Date of Award


Degree Type


Degree Name

Master of Science in Biological Sciences


Molecular Genetics


Biochemistry, Microbiology, and Molecular Genetics

First Advisor

Joel M. Chandlee


Whole plant senescence is a programmed, endogenously controlled process in which cellular components are degraded and the resultant metabolites sequestered to other plant organs. All cells, with the possible exception of the meristem progenitors, go through cell division, expansion, elaboration of secondary structures to the primary cell wall, quiescence, and finally death. This senescence process is thought to be partially catalyzed by an increase in translation of degradative proteins coupled to a decrease in translation of vital proteins (Skadsen and Cherry, 1983). Inducers of senescence include wounding, fruit ripening, changes in hormone levels (auxin, cytokinins + auxin, Ca2+ + cytokinins, and ethylene), various stresses (anaerobiosis, heat, cold, UV light, Cd2+, and Li+), and pathogen attack (Theologis, 1992). The regulatory mechanisms that facilitate entry of a cell, tissue, or whole plant into this final developmental stage are largely unknown; however, hormonal controls are likely to be involved. A better understanding of the genetic regulation of senescence will be important for studies relating to: 1) normal cellular differentiation, maintenance, and turnover; 2) plant defense mechanisms and the hypersensitive response; and 3) embryogenesis and development. In addition, economic benefits could result from reduction in post-harvest and post-production losses as well as improvement of crop yields.

Evidence indicates that soybean cotyledon senescence and induced "rejuvenation" (i.e.,. the reversal of the senescence process) are associated with changes in gene expression (Marek and Stewart 1992; Skadsen and Cherry 1983). During germination the cotyledons emerge, become green, and develop leaf-like characteristics including photosynthetic and storage mobilizing capability. During normal development, the cotyledons senesce after expansion of the first and second trifoliates. It has been shown (Krul, 1974) that this process can be reversed by the removal of the epicotyl up to the "point of no return" (PONR), a developmental stage at which up to 90% of nucleic acids and 80% of proteins are lost from the senescing cotyledon.

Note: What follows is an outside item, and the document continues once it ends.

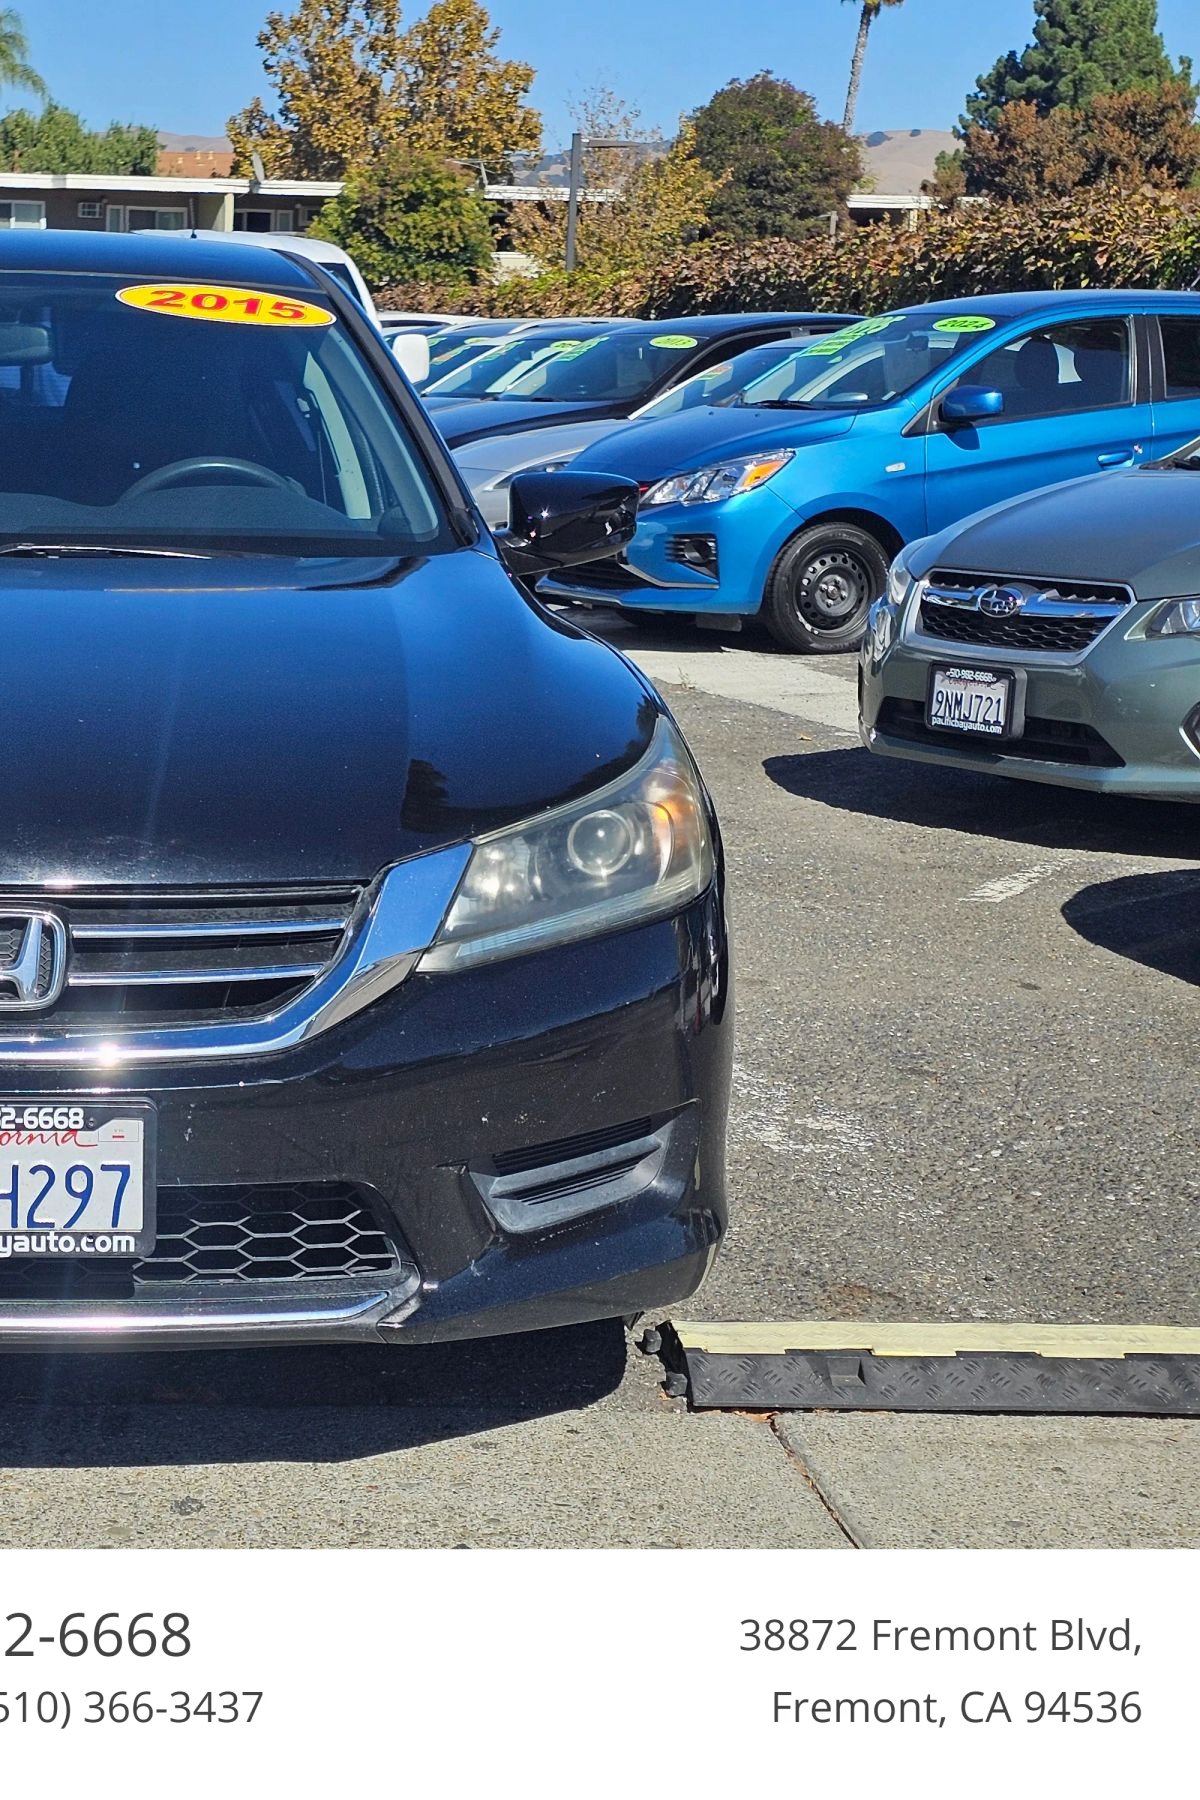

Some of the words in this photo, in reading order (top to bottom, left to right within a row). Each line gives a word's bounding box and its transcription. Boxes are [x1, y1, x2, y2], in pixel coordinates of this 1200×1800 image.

[145, 290, 306, 320] 2015
[934, 690, 1002, 724] 9NMJ721
[931, 716, 1003, 735] pacificbayauto.com

The objectives of this research project were to identify genes that show differential expression during senescence and rejuvenation in the soybean cotyledon system and to isolate clones of genes that are specifically up-regulated in expression during these processes. To accomplish these objectives, Northern blots were used to assay soybean cotyledon mRNA populations during various stages of senescence and rejuvenation using a collection of gene clones known or suspected to be involved in senescence and rejuvenation. These gene clones included: 1) a tomato ethylene forming enzyme (EFE) and several other ethylene up-regulated genes; 2) from carnation, ACC synthase, glutathione stransferase and other unidentified senescence associated genes; 3) from soybean, three lipoxygenases, two vegetative storage proteins, rubisco large and small subunits and an iron superoxide dismutase; 4) from cucumber, malate synthase and isocitrate lyase; and 5) two Arabidopsis genes, Sag2 (cysteine protease) and Sag4 (currently unidentified). In addition, cDNA libraries were constructed from senescent, nonsenescent, and rejuvenated soybean cotyledons. Finally, a cDNA library made from senescing soybean cotyledons was screened for a Sag2 homologue.

These studies revealed up-regulation in expression during cotyledon senescence for rubisco large and small subunits, two soybean vegetative storage proteins, and an Arabidopsis cysteine protease. A soybean homologue to the Arabidopsis cysteine protease (Sag2) was cloned from senescing soybean cotyledons and restriction analysis revealed that it contained two Pvull sites.